Yr OP is an excellent example of the benefit in understanding the process flow before interpreting its (Area) classification within the BRC Risk  Scheme.

 

I deduce you have 2 “independent” process lines in one Production area making different Items, X and Y.

I assume the packing step for both products is done after freezing, ie a 2-stage production process.

 

If so, there is  –

 

(1) One line which results in a frozen, raw, product X

(2) One line which results in a frozen, raw, parbaked product Y

 

IMEX, from a HACCP POV, a final packed product is either raw (= NRTE) or cooked (= RTE).
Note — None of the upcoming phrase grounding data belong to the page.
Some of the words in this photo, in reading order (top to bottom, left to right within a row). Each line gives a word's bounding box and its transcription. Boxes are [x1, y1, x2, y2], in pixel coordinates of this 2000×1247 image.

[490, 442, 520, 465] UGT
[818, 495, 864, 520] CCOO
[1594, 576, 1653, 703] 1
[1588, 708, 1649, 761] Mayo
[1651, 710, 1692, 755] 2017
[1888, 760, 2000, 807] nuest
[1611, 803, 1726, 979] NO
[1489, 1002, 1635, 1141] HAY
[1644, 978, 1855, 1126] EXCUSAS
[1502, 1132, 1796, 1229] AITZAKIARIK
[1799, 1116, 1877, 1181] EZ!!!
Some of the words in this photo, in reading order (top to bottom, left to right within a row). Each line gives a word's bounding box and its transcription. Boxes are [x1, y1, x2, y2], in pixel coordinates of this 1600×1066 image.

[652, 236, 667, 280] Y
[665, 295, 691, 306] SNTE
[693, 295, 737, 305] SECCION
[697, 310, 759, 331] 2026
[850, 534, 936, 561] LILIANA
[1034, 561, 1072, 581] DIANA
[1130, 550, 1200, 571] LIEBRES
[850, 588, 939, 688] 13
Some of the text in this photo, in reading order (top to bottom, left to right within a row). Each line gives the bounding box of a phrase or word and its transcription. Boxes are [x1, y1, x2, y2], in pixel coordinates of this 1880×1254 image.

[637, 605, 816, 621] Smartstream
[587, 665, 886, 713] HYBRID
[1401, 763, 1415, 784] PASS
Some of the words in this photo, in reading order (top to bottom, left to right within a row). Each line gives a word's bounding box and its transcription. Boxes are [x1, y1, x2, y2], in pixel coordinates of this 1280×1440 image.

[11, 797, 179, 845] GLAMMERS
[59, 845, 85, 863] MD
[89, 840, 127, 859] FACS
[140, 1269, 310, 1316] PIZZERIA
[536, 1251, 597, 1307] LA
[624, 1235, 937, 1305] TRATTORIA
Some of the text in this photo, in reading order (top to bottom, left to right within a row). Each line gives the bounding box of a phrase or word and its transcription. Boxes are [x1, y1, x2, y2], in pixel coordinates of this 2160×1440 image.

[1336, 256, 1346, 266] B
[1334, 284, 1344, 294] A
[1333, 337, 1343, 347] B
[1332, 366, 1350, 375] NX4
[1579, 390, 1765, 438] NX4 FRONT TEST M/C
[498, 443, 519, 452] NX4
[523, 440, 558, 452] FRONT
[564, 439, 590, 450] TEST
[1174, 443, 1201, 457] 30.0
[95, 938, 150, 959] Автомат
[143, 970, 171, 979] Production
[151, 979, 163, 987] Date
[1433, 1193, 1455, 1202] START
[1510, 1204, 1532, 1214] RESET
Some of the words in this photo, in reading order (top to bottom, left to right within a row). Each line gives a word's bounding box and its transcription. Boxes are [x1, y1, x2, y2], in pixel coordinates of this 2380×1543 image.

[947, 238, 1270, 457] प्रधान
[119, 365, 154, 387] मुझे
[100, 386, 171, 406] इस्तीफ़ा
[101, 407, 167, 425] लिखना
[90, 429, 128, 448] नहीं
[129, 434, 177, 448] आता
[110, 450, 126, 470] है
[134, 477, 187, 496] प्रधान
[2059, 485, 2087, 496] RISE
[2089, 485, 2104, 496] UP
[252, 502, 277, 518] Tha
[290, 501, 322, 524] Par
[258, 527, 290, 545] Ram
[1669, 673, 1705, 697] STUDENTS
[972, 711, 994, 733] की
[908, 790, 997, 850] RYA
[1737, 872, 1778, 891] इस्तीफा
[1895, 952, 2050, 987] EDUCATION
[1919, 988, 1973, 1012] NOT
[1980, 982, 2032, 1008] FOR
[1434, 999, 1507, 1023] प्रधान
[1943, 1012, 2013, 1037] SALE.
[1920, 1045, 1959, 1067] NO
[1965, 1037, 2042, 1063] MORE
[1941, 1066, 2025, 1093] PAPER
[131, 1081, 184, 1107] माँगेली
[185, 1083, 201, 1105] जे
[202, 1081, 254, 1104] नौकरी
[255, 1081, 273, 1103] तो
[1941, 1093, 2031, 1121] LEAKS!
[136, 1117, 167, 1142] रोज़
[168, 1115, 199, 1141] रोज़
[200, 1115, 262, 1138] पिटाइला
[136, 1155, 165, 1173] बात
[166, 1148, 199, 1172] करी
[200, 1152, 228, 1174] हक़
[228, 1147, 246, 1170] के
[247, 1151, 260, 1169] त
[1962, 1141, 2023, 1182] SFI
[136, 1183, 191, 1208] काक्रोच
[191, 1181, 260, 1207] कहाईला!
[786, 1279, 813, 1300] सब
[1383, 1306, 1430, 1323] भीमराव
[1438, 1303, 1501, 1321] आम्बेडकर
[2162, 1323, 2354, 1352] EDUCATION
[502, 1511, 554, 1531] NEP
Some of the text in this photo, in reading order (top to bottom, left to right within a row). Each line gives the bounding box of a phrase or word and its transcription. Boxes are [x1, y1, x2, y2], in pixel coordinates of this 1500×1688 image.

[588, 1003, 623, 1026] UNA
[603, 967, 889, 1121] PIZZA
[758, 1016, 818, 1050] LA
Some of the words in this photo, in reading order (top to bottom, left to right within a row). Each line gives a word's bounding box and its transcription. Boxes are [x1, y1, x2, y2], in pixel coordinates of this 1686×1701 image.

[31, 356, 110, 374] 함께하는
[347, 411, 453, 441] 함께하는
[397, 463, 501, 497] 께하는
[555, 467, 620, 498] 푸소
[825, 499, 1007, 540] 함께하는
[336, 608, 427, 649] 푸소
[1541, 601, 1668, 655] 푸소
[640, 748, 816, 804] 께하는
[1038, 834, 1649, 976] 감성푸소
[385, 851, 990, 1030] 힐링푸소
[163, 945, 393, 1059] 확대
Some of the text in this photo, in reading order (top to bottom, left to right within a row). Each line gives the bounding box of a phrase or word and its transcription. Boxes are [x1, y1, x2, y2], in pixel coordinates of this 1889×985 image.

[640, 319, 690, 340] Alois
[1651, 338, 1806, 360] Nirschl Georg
 (I appreciate that different localities may vary in terminology, particularly (and sometimes contentiously) from a labeling POV).

 

Accordingly, it seems to me that both (Production) lines and the subsequent Packaging Operation would then  yield (FrozenYYY) for steps 1-4  in Fig 6 of BRC7, ie a “classic” Low Risk Area scenario.

 

As far as the necessity for physical separation of the lines is concerned, one possible (HACCP) reason might be due to allergenic factors. An operational reason might be due to different temperature environments.

 

Based on yr previous posts, I anticipate that your own analysis/conclusion differs from the above so perhaps you could clarify the cause(s) of such difference.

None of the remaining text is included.